Take advantage…

The other day, the people at the fruit and food shop near my house asked me to buy these mooncakes from Sarikei…

Sing Hing Leong traditional mooncakes

Yes, I am quite familiar with this bakery. I would buy their lung ngor (Foochow egg cake)…

Sing Hing Leong lung ngor

…sometimes. I wouldn’t say they’re the best but they’re good enough for me.

Their pek guek tong chiew pia (eighth month autumn festival biscuit), the Foochow Mooncake Festival biscuits…

Pek guek pia

…are not to my liking though (I prefer another brand, also from Sarikei) as theirs do not contain lard but as far as I know they’re very well-marketed, available even in Kuching. I guess most people are not that fussy about what they eat – as long as it is nice, that is good enough for them.

Inside the paper wrapping, the mooncakes are wrapped in plastic…

Wrapped in plastic

Now, that was not what we had in my younger days. In the past, they would be wrapped with white paper – which, of course, is a whole lot more environment-friendly than using plastic. Personally, I feel kite paper is a good substitute.

This is the pek tau sar (mung bean paste)…

Traditional moonckae pek tau sar

I don’t know if this was available when I was small – probably not.
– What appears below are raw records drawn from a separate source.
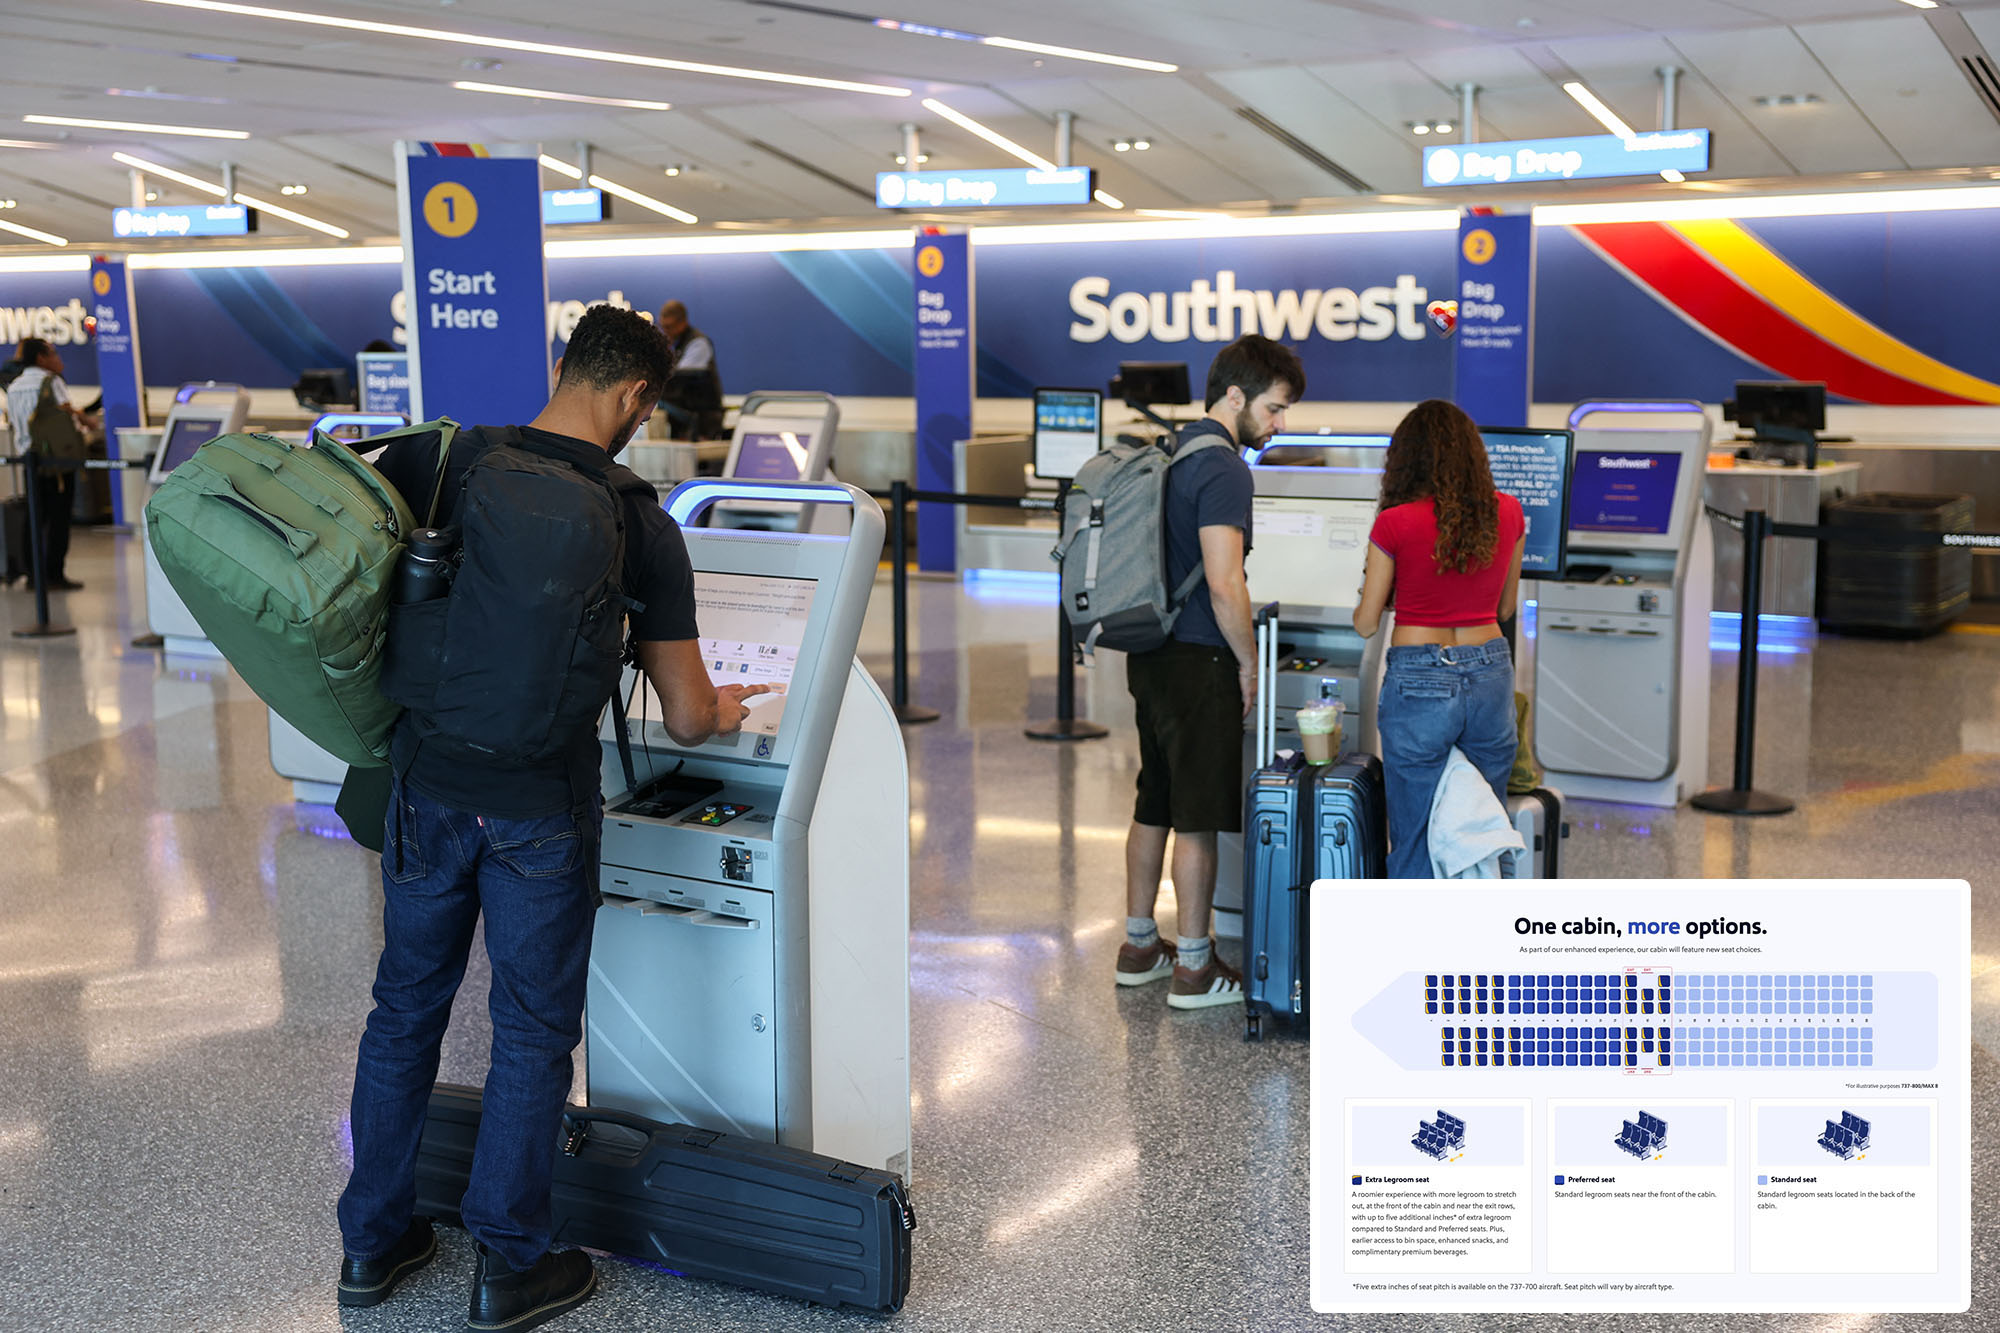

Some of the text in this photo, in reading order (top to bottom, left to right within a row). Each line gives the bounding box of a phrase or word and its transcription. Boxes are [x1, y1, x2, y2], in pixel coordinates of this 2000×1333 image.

[1463, 149, 1582, 182] Bag Drop
[441, 196, 455, 223] 1
[428, 268, 496, 295] Start
[1462, 280, 1495, 303] Bag
[431, 303, 498, 329] Here
[1069, 270, 1428, 343] Southwest
[1462, 300, 1505, 323] Drop
[1599, 456, 1650, 469] Southwest
Every year, my dad would buy home the or tau sar (the black red bean paste) ones for us to enjoy…and those Foochow Mooncake Festival biscuits, of course. There was another variety, the mixed nuts with bits of pork fat and whatever inside. Nobody liked that so my dad never bought any home. These days, there are all kinds available, most of which have strayed so far from what would be traditionally acceptable. I would go for the lotus paste ones, with or without salted egg yolk – we never had that either in the past.

There are four inside so at RM14.00 a tube, that works out to RM3.50 each. That, of course, is a whole lot cheaper than those ridiculously astronomical prices that we have to fork out for those renowned names brought over from the peninsular but still, that got me thinking.
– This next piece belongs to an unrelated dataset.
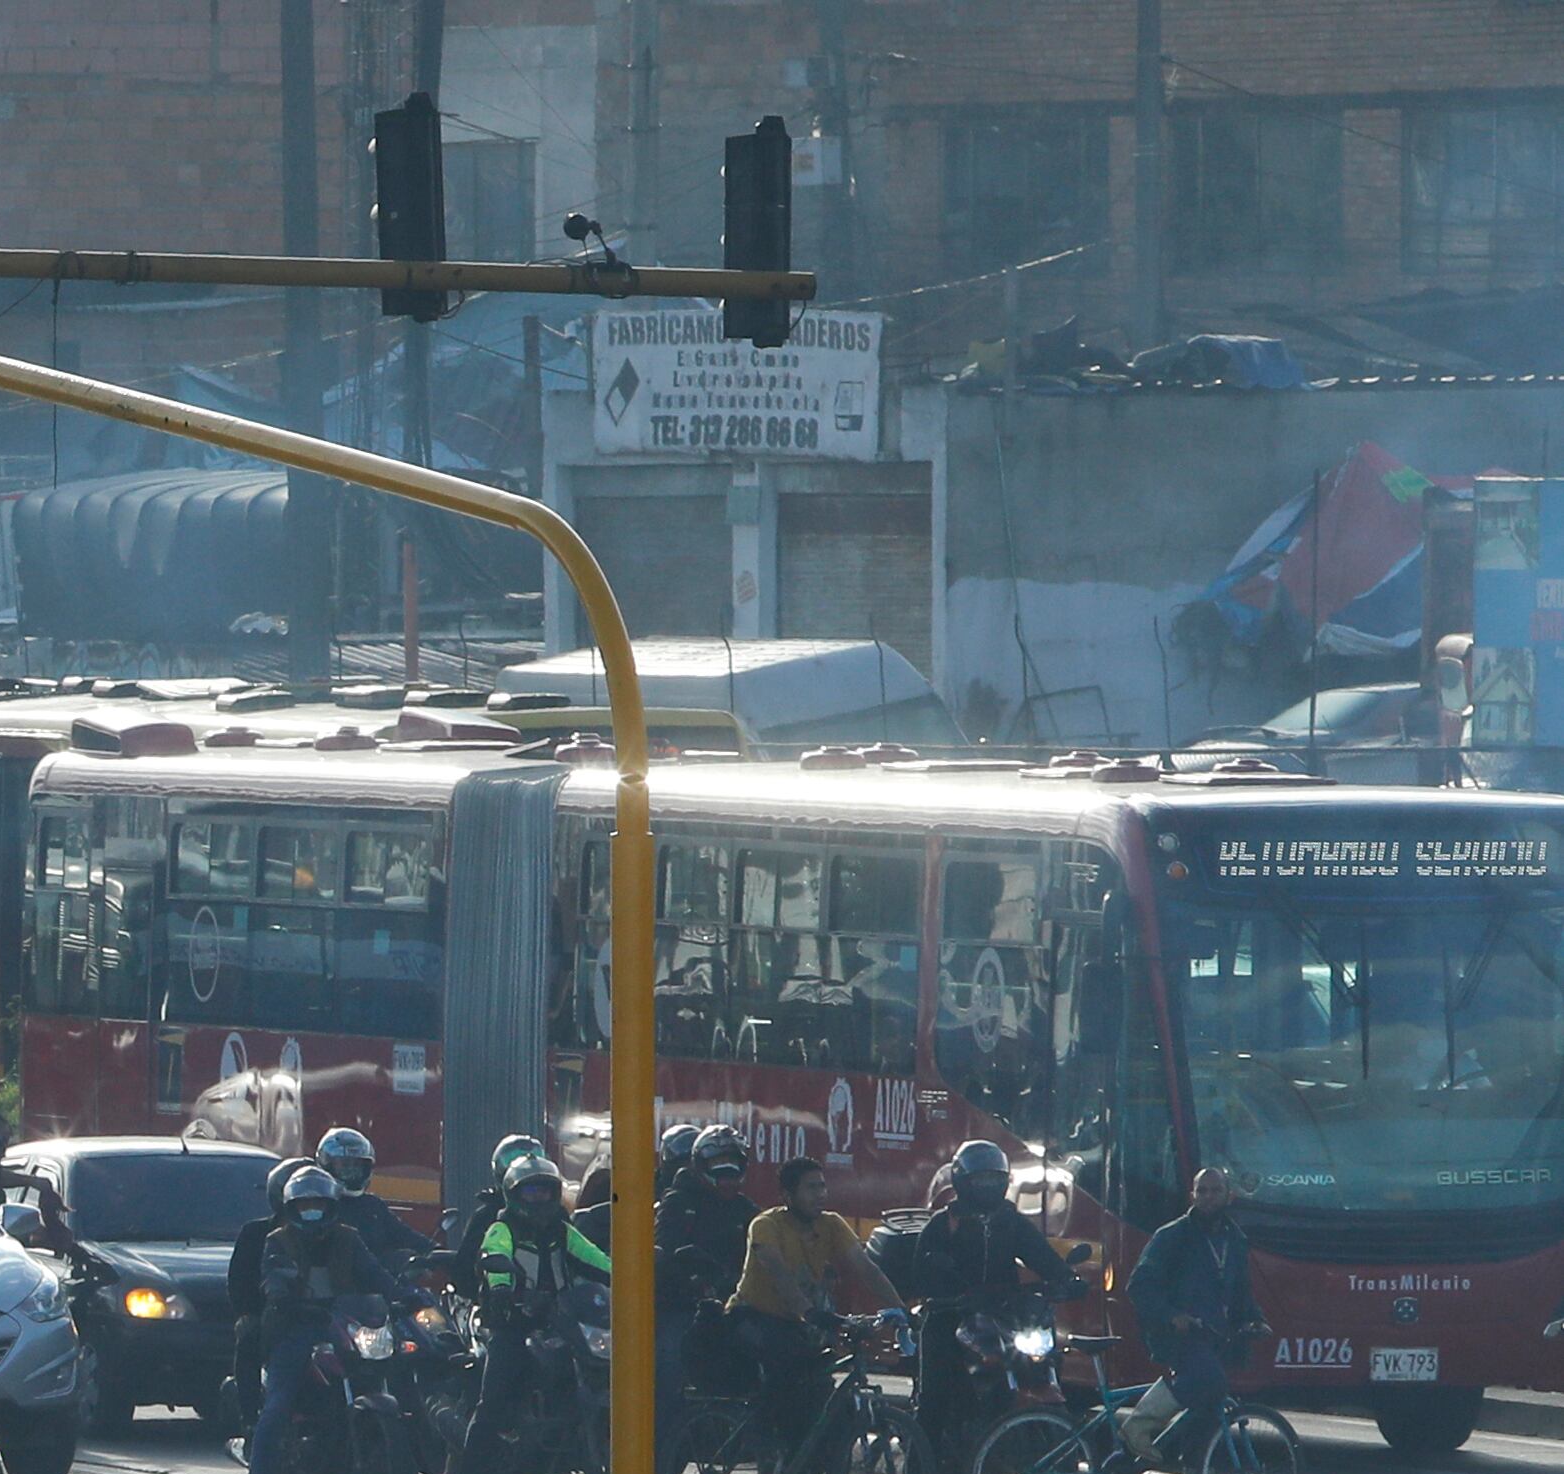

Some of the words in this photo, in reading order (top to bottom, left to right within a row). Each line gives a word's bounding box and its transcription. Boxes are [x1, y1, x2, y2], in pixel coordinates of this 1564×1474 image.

If one tau sar peah is 80 sen a piece and if we stack two, one on top of the other, that will be RM1.60 altogether. Since the filling is the same, both pek tau sar, what is it in the skin or the process of making these mooncakes that justifies the price? Are they jumping on the bandwagon, taking advantage of the festival and cashing in on the special occasion to make more than they should? If that is what they are doing, may God forgive them!!!
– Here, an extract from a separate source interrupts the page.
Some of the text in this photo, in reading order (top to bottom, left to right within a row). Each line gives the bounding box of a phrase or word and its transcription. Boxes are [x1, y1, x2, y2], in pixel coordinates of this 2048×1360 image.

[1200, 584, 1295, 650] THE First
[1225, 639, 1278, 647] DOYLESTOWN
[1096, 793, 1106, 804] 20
This is my favourite Sibu homemade one…

Sibu homemade mooncake, pek tao sar

…which is even more expensive, RM6.00 each but one can feel the difference in the quality, how fine the filling and skin are. I enjoyed them last year and I liked them so much that when I went over to Kuching, I even bought some for my uncle and cousins and their families there. They were not available earlier and even when they just made their appearance the other morning, there weren’t many to choose from when I dropped by – hopefully, the one making will come out with my favourite, the hēi zhīma (黑芝麻) – black sesame, soon.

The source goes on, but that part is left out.